START RECORDS FOR THIS EXERCISE
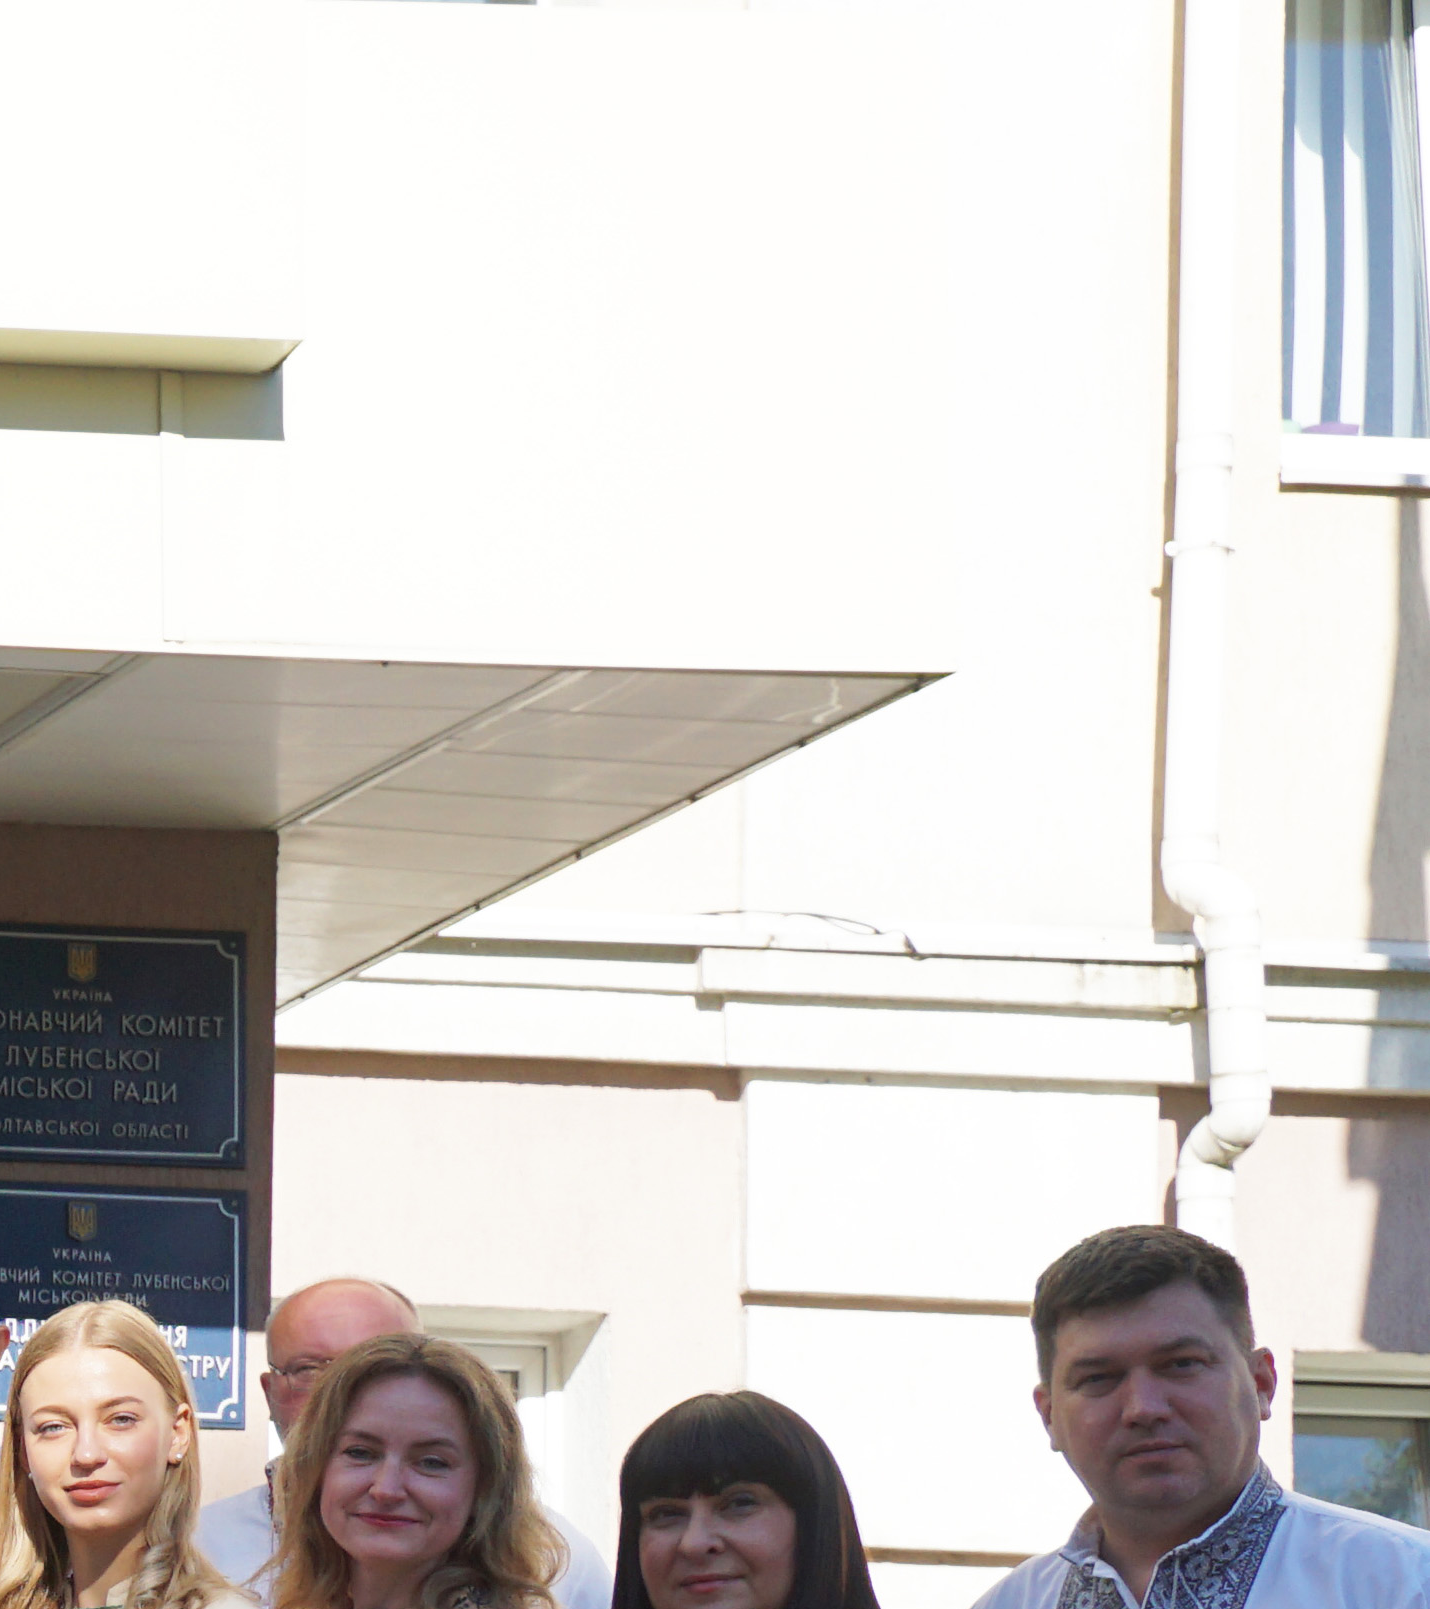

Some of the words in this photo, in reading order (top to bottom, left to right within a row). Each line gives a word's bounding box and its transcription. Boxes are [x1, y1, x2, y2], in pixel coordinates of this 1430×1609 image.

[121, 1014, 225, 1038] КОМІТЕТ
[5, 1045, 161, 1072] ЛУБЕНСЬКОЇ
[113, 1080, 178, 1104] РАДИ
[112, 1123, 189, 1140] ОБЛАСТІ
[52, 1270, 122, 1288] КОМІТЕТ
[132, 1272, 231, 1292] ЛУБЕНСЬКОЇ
END RECORDS FOR THIS EXERCISE
• **EXERCISE**
Exactly reproduce each entry, but drop the pictures.

• **EXERCISE SOLUTION**
Some of the words in this photo, in reading order (top to bottom, left to right within a row). Each line gives a word's bounding box and its transcription. Boxes are [x1, y1, x2, y2], in pixel coordinates of this 1430×1609 image.

[121, 1014, 225, 1038] КОМІТЕТ
[5, 1045, 161, 1072] ЛУБЕНСЬКОЇ
[113, 1080, 178, 1104] РАДИ
[112, 1123, 189, 1140] ОБЛАСТІ
[52, 1270, 122, 1288] КОМІТЕТ
[132, 1272, 231, 1292] ЛУБЕНСЬКОЇ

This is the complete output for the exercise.